Research investigating the long-term sequelae of COVID–19 in hospitalized older adults is quickly accumulating. Given the strong interrelationship between delirium and dementia, both clinically and pathophysiologically, these studies will likely reveal the secondary impact of delirium due to COVID–19: escalating dementia rates. Thus, prevention continues to be the ultimate goal.

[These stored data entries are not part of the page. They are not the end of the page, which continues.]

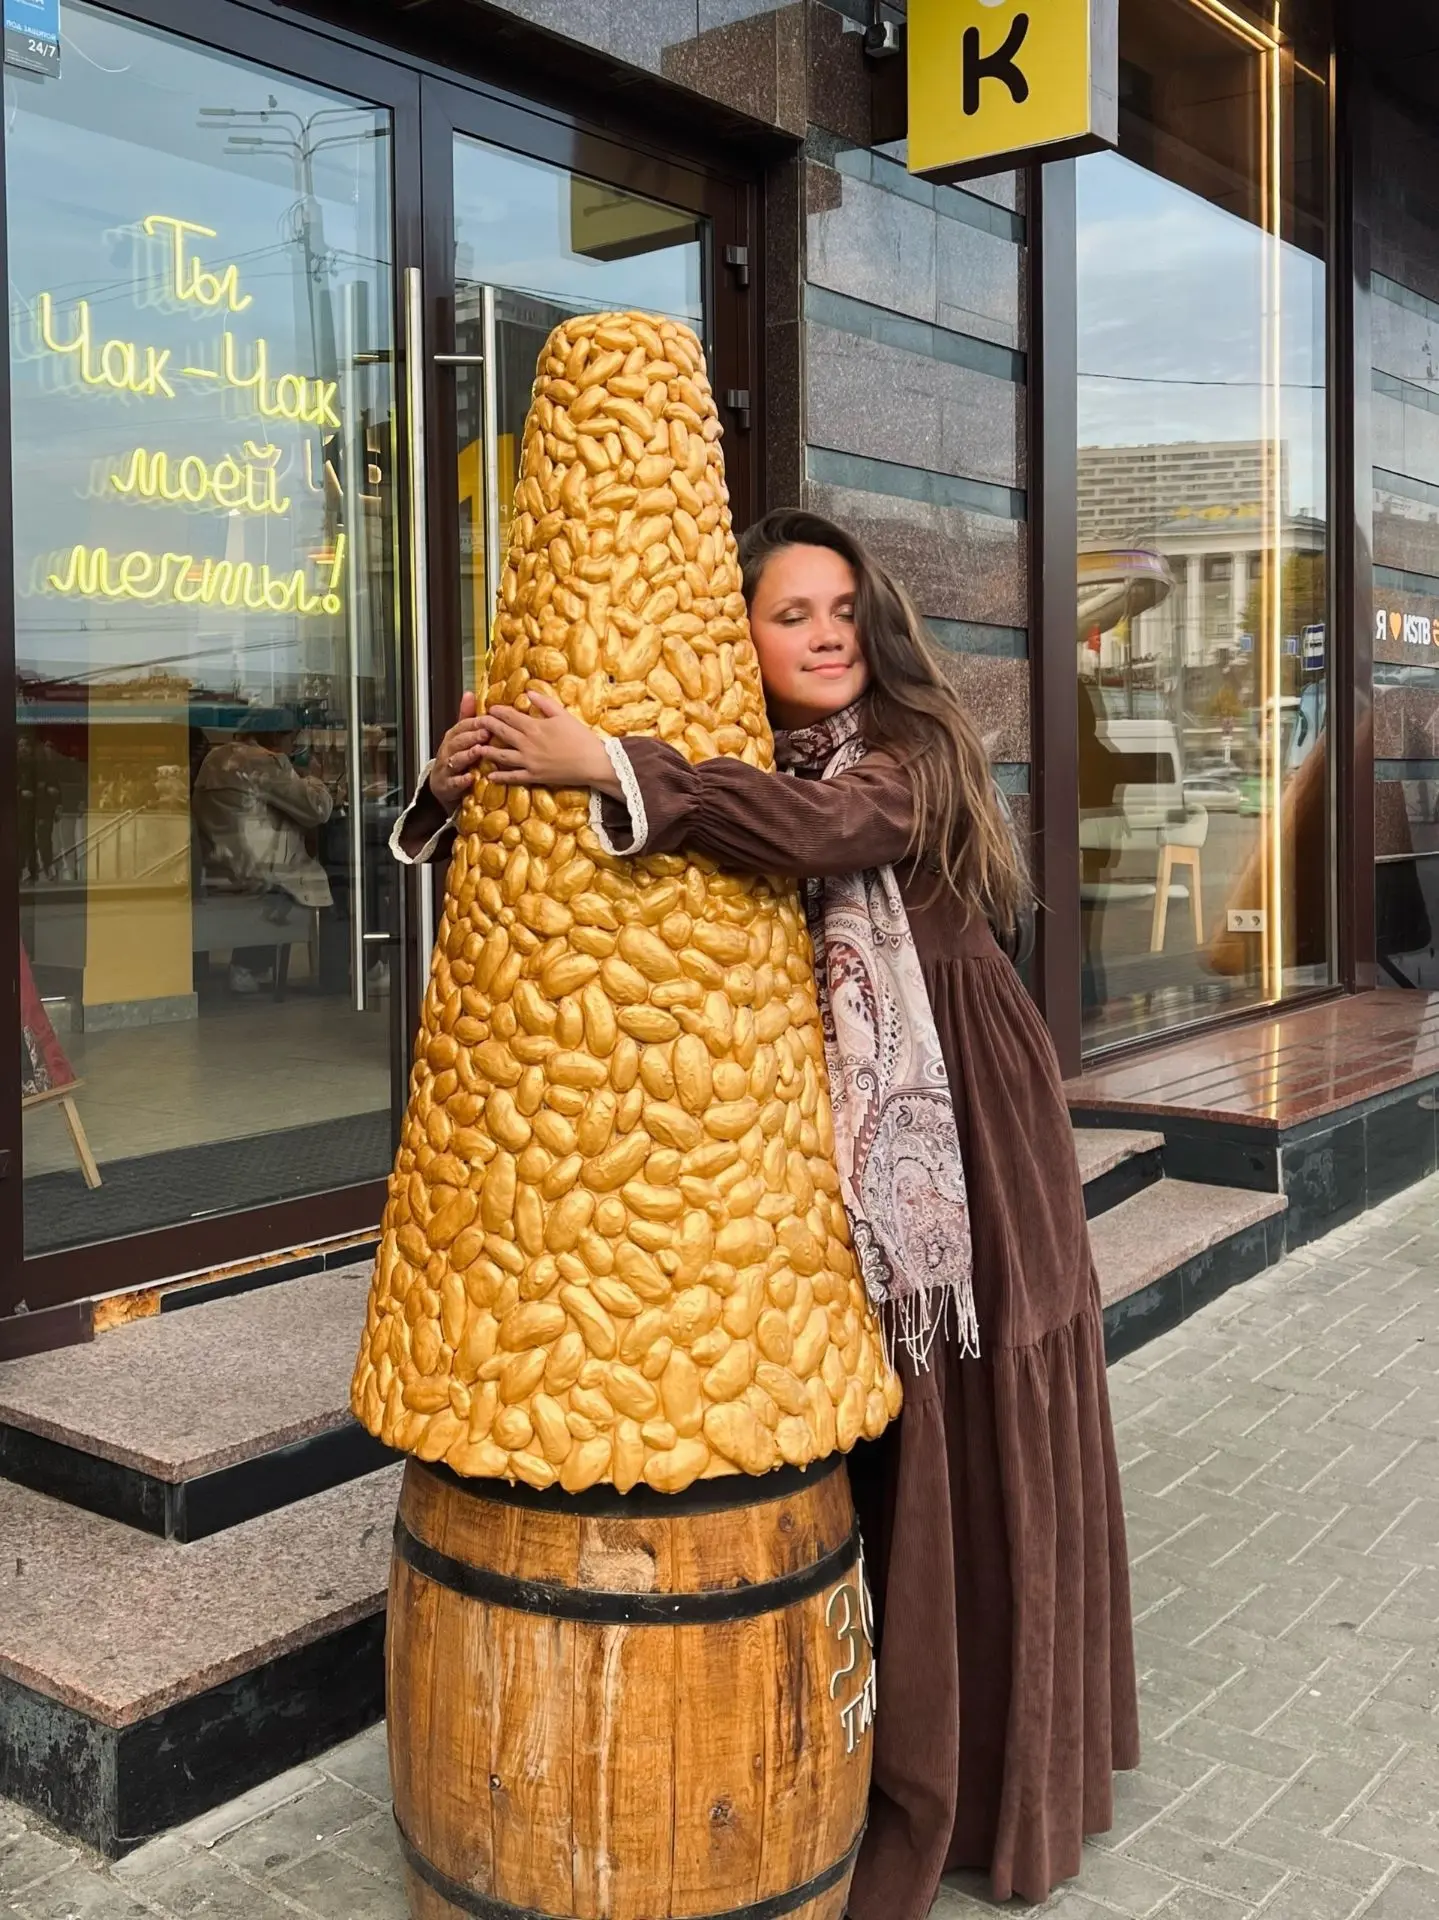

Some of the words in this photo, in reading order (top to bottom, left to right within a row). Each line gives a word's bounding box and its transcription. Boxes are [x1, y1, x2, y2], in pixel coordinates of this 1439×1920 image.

[28, 39, 56, 58] 24/7
[143, 215, 253, 313] Ты
[110, 441, 290, 513] моей
[47, 532, 346, 614] мечты!
[1375, 609, 1387, 641] Я
[1403, 613, 1431, 645] KSTB

Currently, the most effective strategy for reducing delirium due to COVID–19 remains the prevention of infection through vaccination, physical distancing, and mask use. In individuals with COVID–19 not requiring hospitalization, prevention of delirium involves early recognition and medical guidance, as well as reducing modifiable risk factors at home, such as dehydration, malnutrition, alcohol use, polypharmacy, poor sleep, social isolation, sensory deprivation, and reduced activity level. In hospitalized individuals, the prevention of delirium includes empirically supported interventions such as the ABCDEF bundle (Marra et al, 2017) and the Hospital Elder Life Program (Inouye et al, 1999). Difficulties implementing these established protocols during the COVID–19 pandemic have been outlined elsewhere with excellent solutions provided (Kotfis et al, 2020; LaHue et al, 2020).

Delirium prevention plans specific to COVID–19 are increasingly being developed, such as those focused on key nursing interventions intended to promote sleep, support adequate nutrition, encourage mobility, maintain or improve cognition, and enhance social support by engaging individuals in meaningful conversations and activities and facilitating virtual visitation with loved ones at least once daily (Radhakrishnan et al, 2021). Continued investigations of the clinical and pathophysiological characteristics involved in the genesis of delirium due to COVID–19 are also very important to reduce acute risk and severity, thereby mitigating negative long-term outcomes before they occur, and furthering our understanding of delirium more generally.

ACKNOWLEDGMENTS

The authors graciously thank health care workers across the planet for their courage and humanity during this pandemic.

Footnotes

The authors declare no conflicts of interest.

Contributor Information

Brad Tyson, Email: bttyson@evergreenhealthcare.org.

Ayman Shahein, Email: ayman33@gmail.com.

Laszlo Erdodi, Email: lerdodi@gmail.com.

Leigh Tyson, Email: leightyson@icloud.com.

Robert Tyson, Email: prtyson@msn.com.

Reza Ghomi, Email: reza@brainmindedmd.com.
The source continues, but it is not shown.